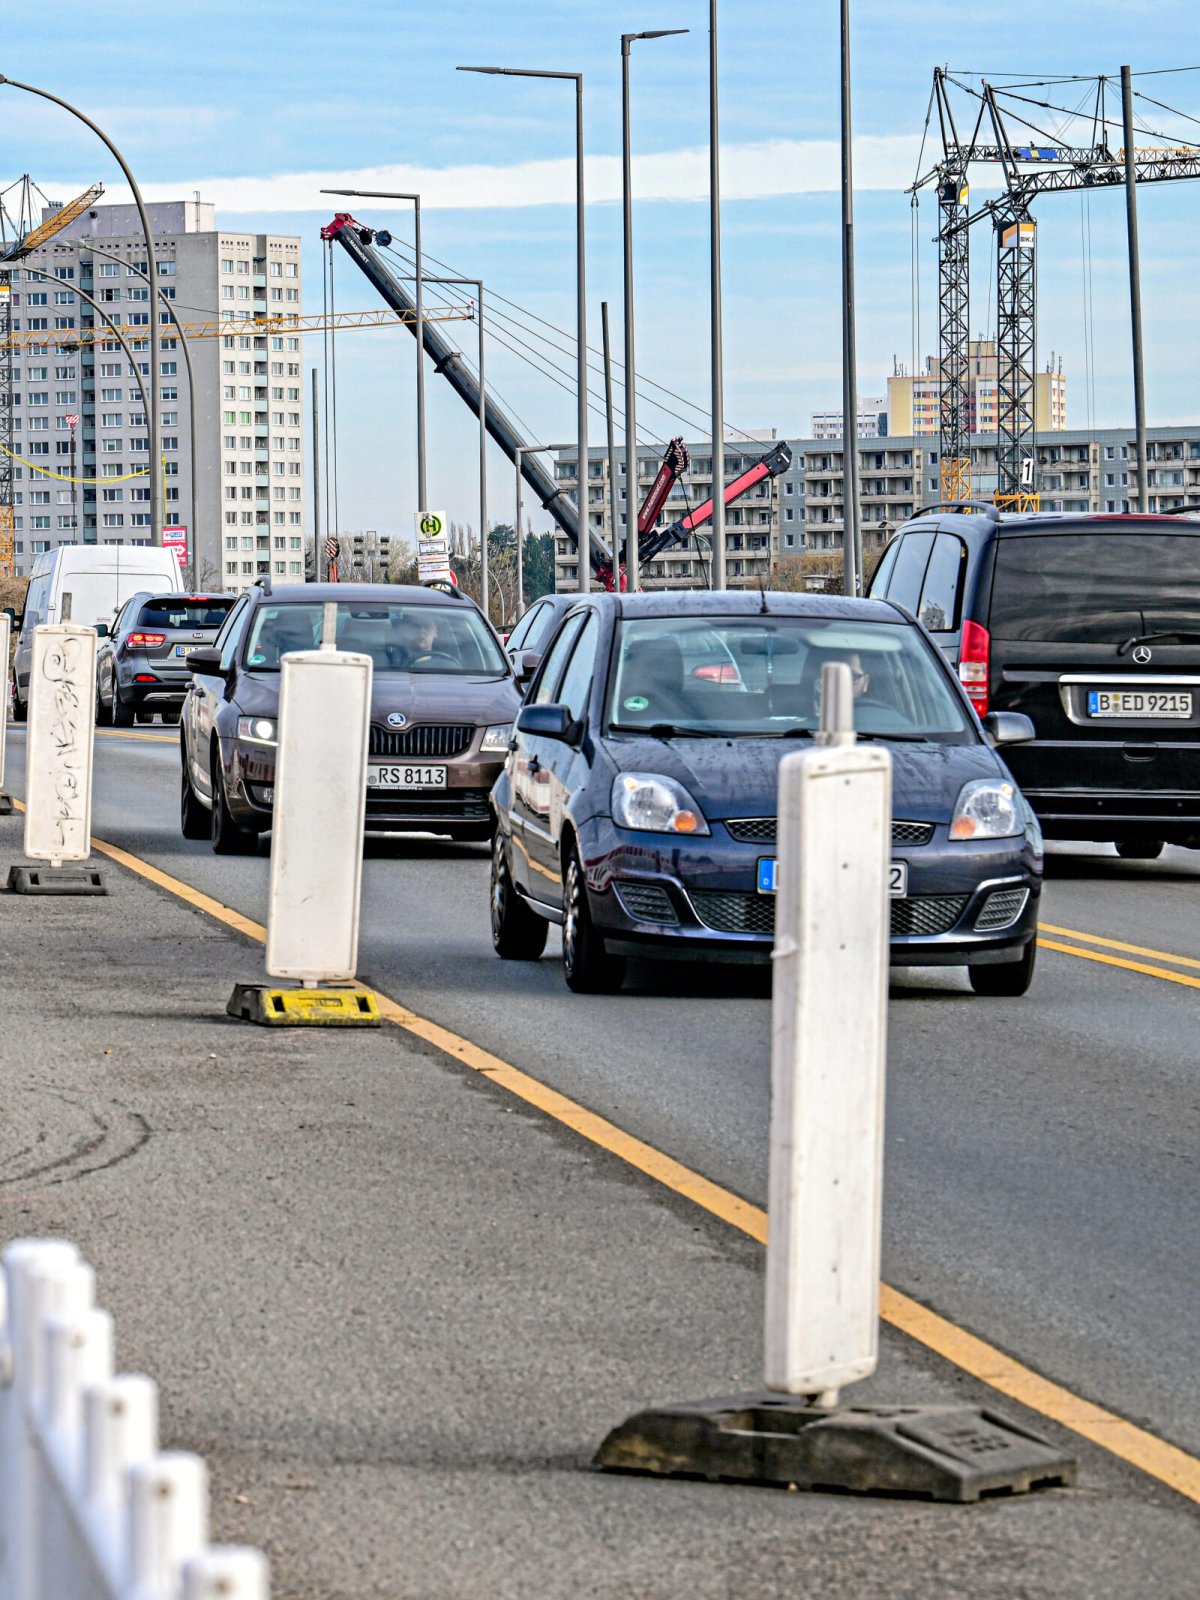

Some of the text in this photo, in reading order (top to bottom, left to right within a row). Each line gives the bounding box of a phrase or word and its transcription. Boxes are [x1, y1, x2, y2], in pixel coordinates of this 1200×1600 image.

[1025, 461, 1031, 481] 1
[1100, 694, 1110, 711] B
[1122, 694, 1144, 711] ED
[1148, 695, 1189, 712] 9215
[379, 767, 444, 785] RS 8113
-=-=-=-=-
» PROBLEM
Please reproduce the records above exactly, leaving out every picture.

» TASK RESULT
Some of the text in this photo, in reading order (top to bottom, left to right within a row). Each line gives the bounding box of a phrase or word and its transcription. Boxes are [x1, y1, x2, y2], in pixel coordinates of this 1200×1600 image.

[1025, 461, 1031, 481] 1
[1100, 694, 1110, 711] B
[1122, 694, 1144, 711] ED
[1148, 695, 1189, 712] 9215
[379, 767, 444, 785] RS 8113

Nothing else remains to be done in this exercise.